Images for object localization
*-*-*

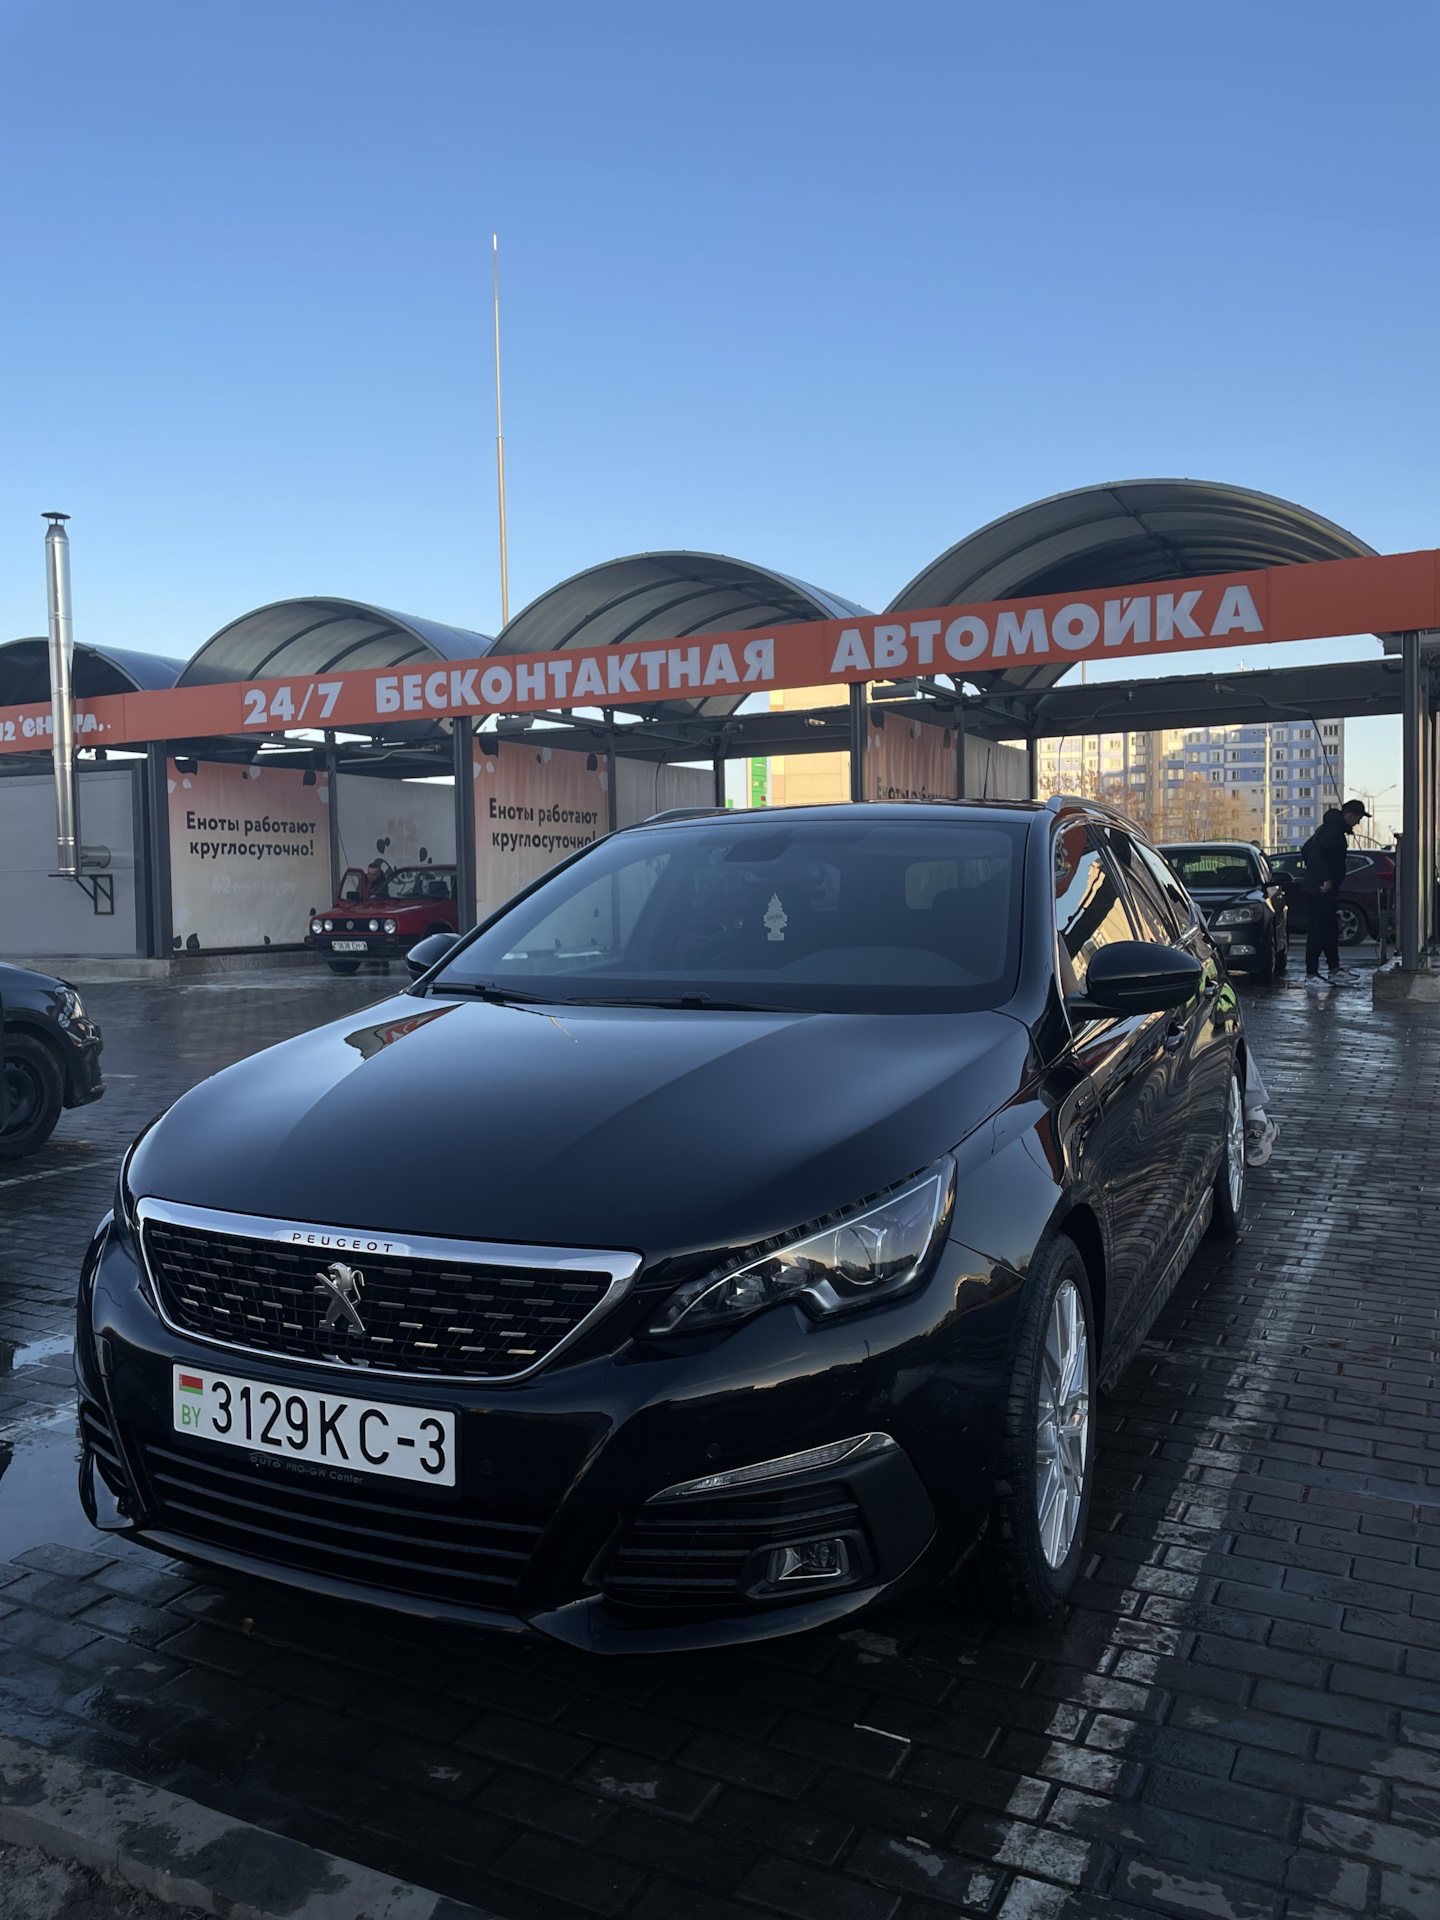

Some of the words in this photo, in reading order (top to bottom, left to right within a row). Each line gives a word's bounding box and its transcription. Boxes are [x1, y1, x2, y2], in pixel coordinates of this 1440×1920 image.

[243, 682, 343, 725] 24/7
[376, 639, 775, 713] БЕСКОНТАКТНАЯ
[830, 585, 1264, 673] АВТОМОЙКА
[0, 721, 16, 742] 2
[186, 811, 239, 831] Еноты
[244, 816, 316, 836] работают
[489, 797, 534, 821] Еноты
[538, 804, 598, 827] работают
[190, 839, 314, 860] круглосуточно!
[292, 1232, 393, 1252] PEUGEOT
[181, 1403, 201, 1428] BY
[328, 1471, 363, 1485] Center
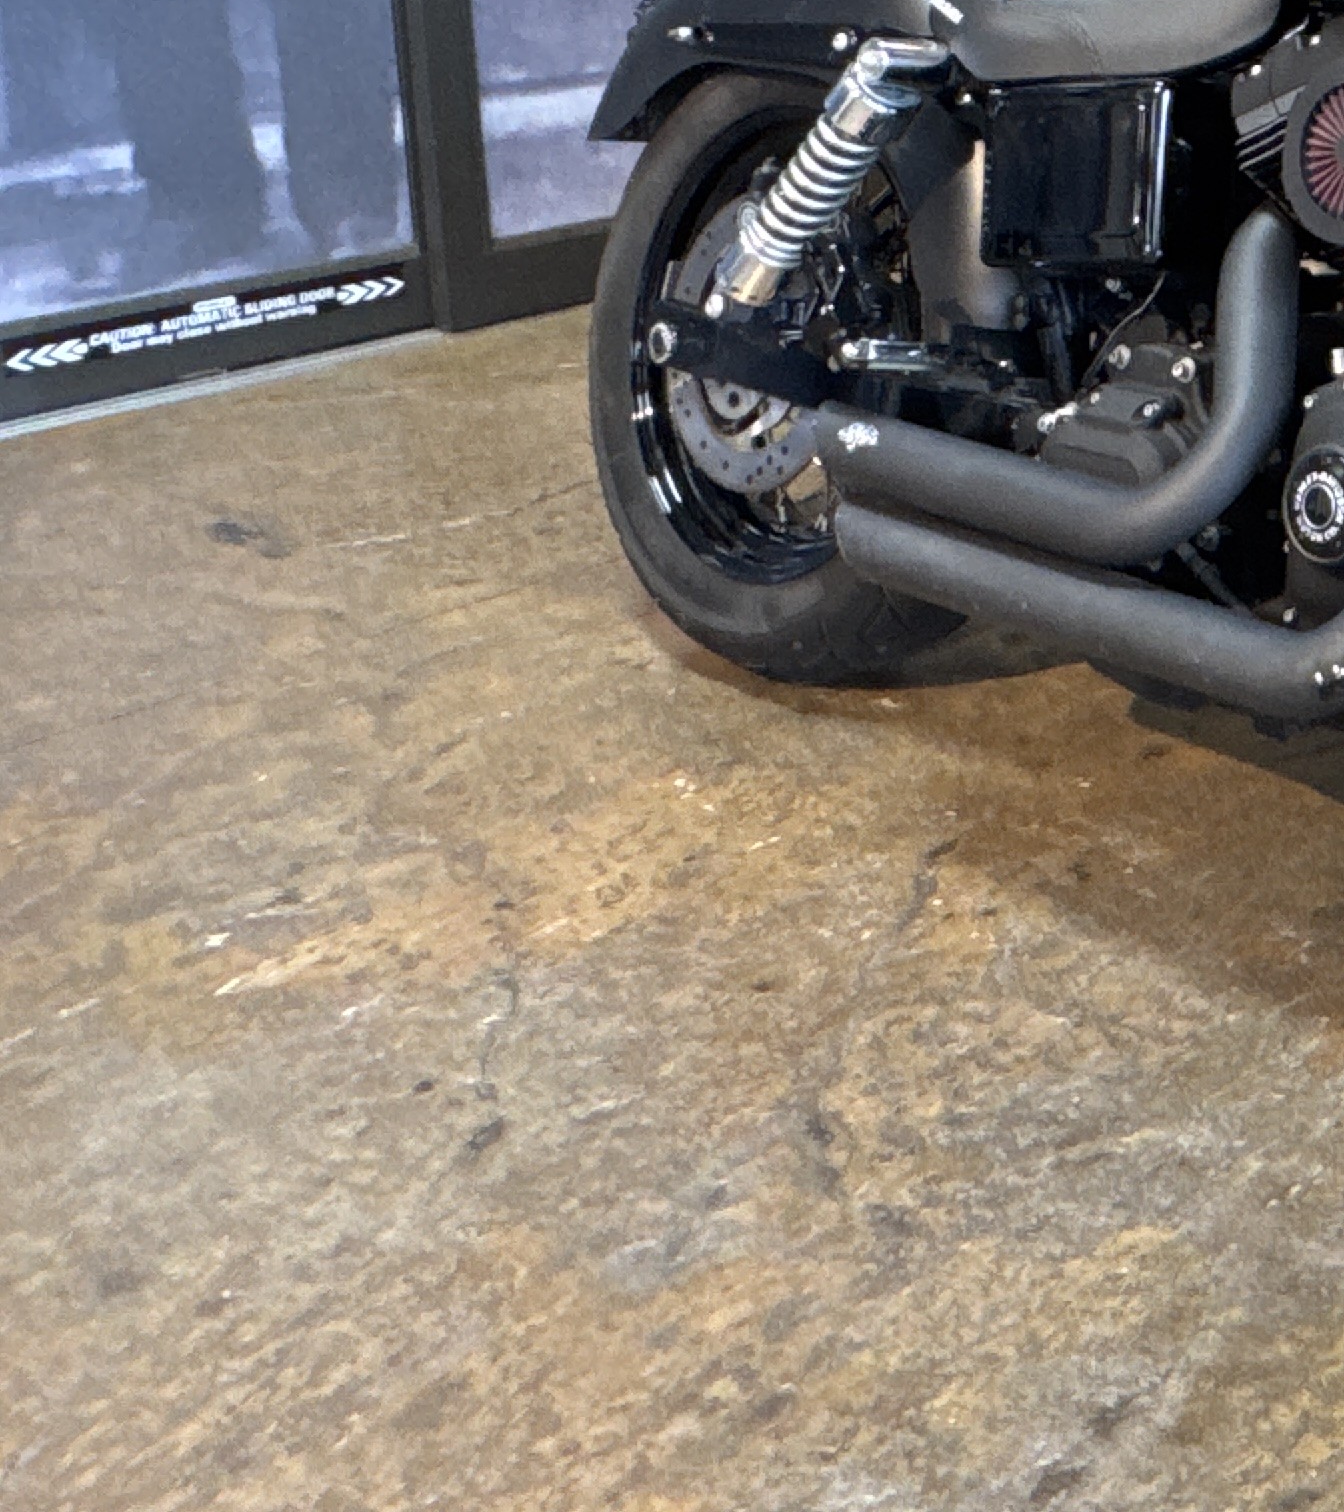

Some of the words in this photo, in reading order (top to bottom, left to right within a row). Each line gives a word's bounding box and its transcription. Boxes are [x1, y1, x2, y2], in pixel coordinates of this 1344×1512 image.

[161, 304, 241, 332] AUTOMATIC
[244, 292, 297, 315] SLIDING
[300, 286, 335, 304] DOOR
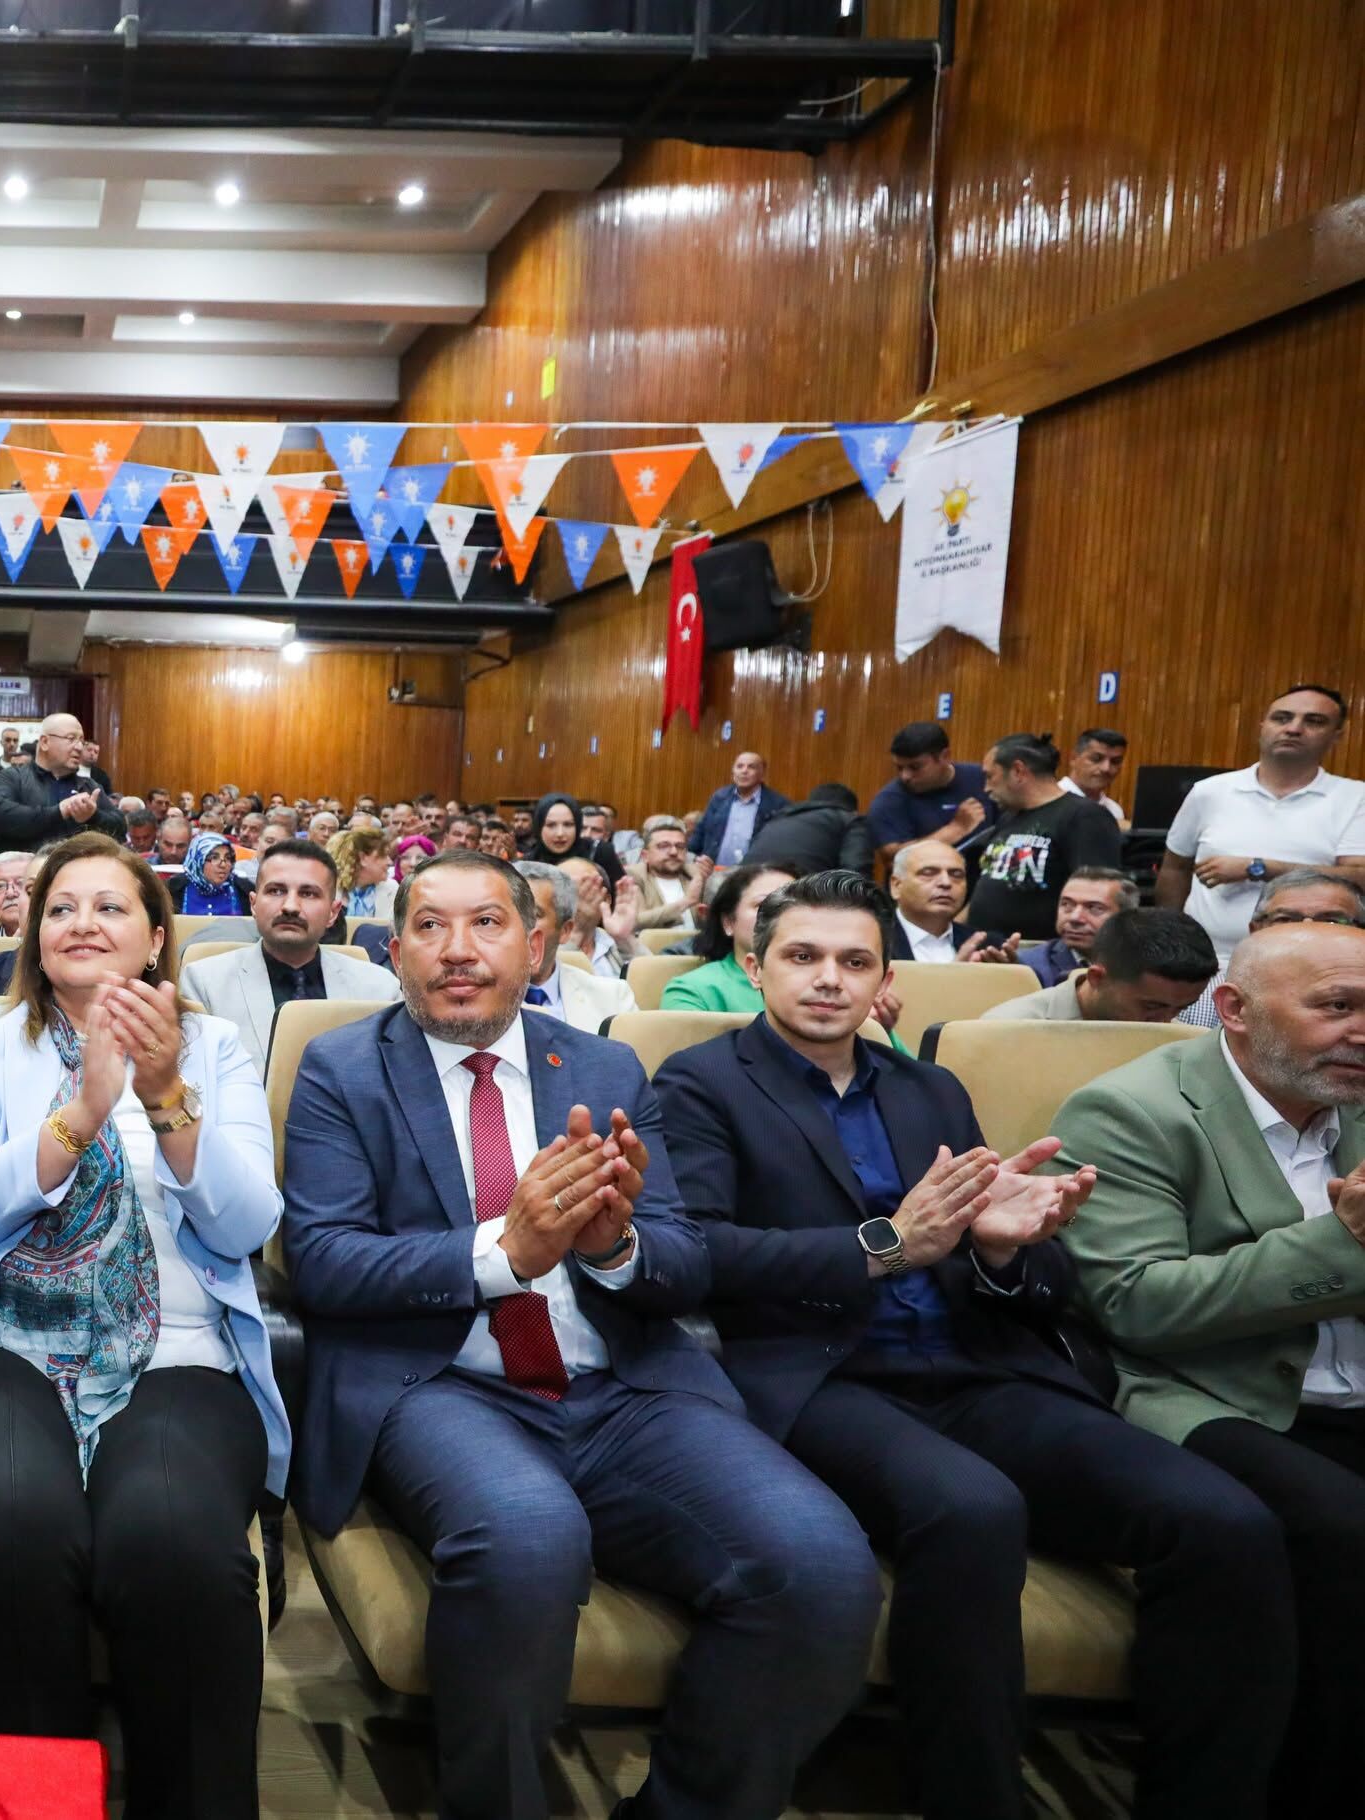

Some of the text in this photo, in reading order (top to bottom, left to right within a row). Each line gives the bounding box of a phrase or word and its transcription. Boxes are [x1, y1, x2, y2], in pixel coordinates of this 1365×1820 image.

[1099, 672, 1117, 702] D
[938, 693, 951, 719] E
[814, 709, 825, 731] F
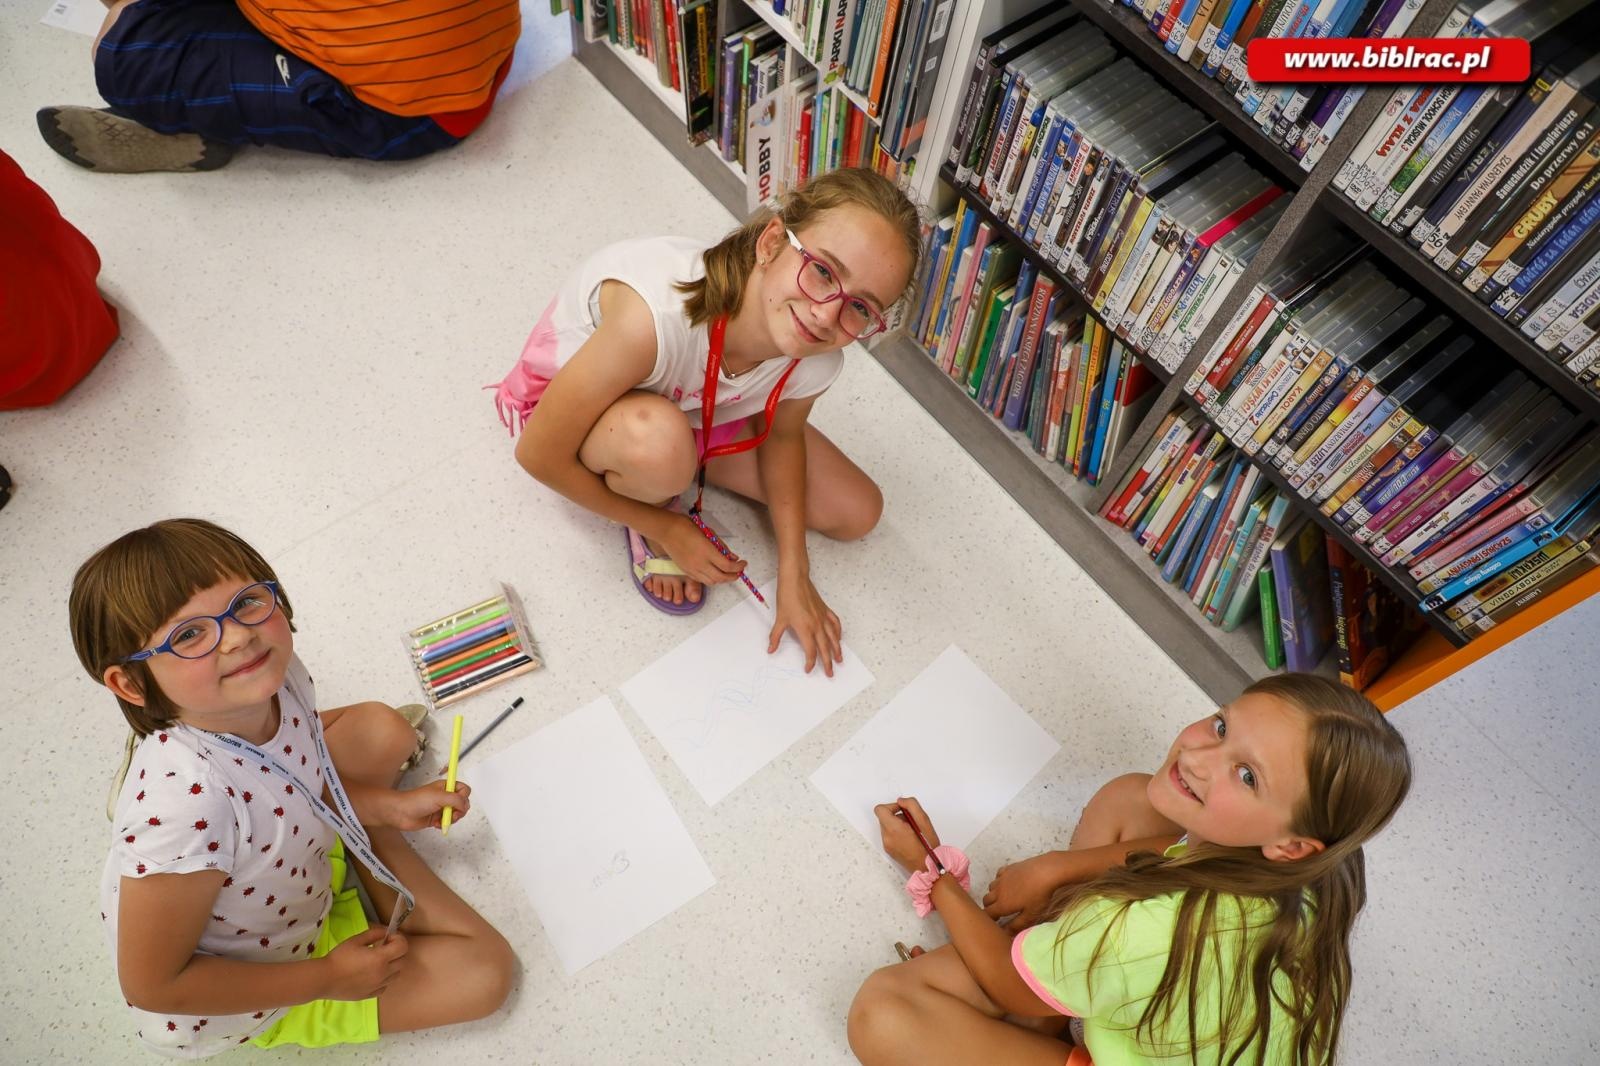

*-*-*

Activity.
Pictures aside, restate the entries word for word.

Exercise solution.
Some of the words in this photo, in reading order (top to bottom, left to right within a row). Each line gives a word's bounding box and its transcription. Boxes are [x1, y1, x2, y2], in pixel coordinates of this 1440×1920 image.

[243, 682, 343, 725] 24/7
[376, 639, 775, 713] БЕСКОНТАКТНАЯ
[830, 585, 1264, 673] АВТОМОЙКА
[0, 721, 16, 742] 2
[186, 811, 239, 831] Еноты
[244, 816, 316, 836] работают
[489, 797, 534, 821] Еноты
[538, 804, 598, 827] работают
[190, 839, 314, 860] круглосуточно!
[292, 1232, 393, 1252] PEUGEOT
[181, 1403, 201, 1428] BY
[328, 1471, 363, 1485] Center

Some of the words in this photo, in reading order (top to bottom, left to right within a row). Each line gives a word's bounding box and its transcription. Boxes are [x1, y1, x2, y2], in pixel coordinates of this 1344×1512 image.

[161, 304, 241, 332] AUTOMATIC
[244, 292, 297, 315] SLIDING
[300, 286, 335, 304] DOOR

Some of the text in this photo, in reading order (top to bottom, left to right within a row). Each line gives the bounding box of a phrase or word and its transcription. Boxes are [x1, y1, x2, y2], in pixel coordinates of this 1365×1820 image.

[1099, 672, 1117, 702] D
[938, 693, 951, 719] E
[814, 709, 825, 731] F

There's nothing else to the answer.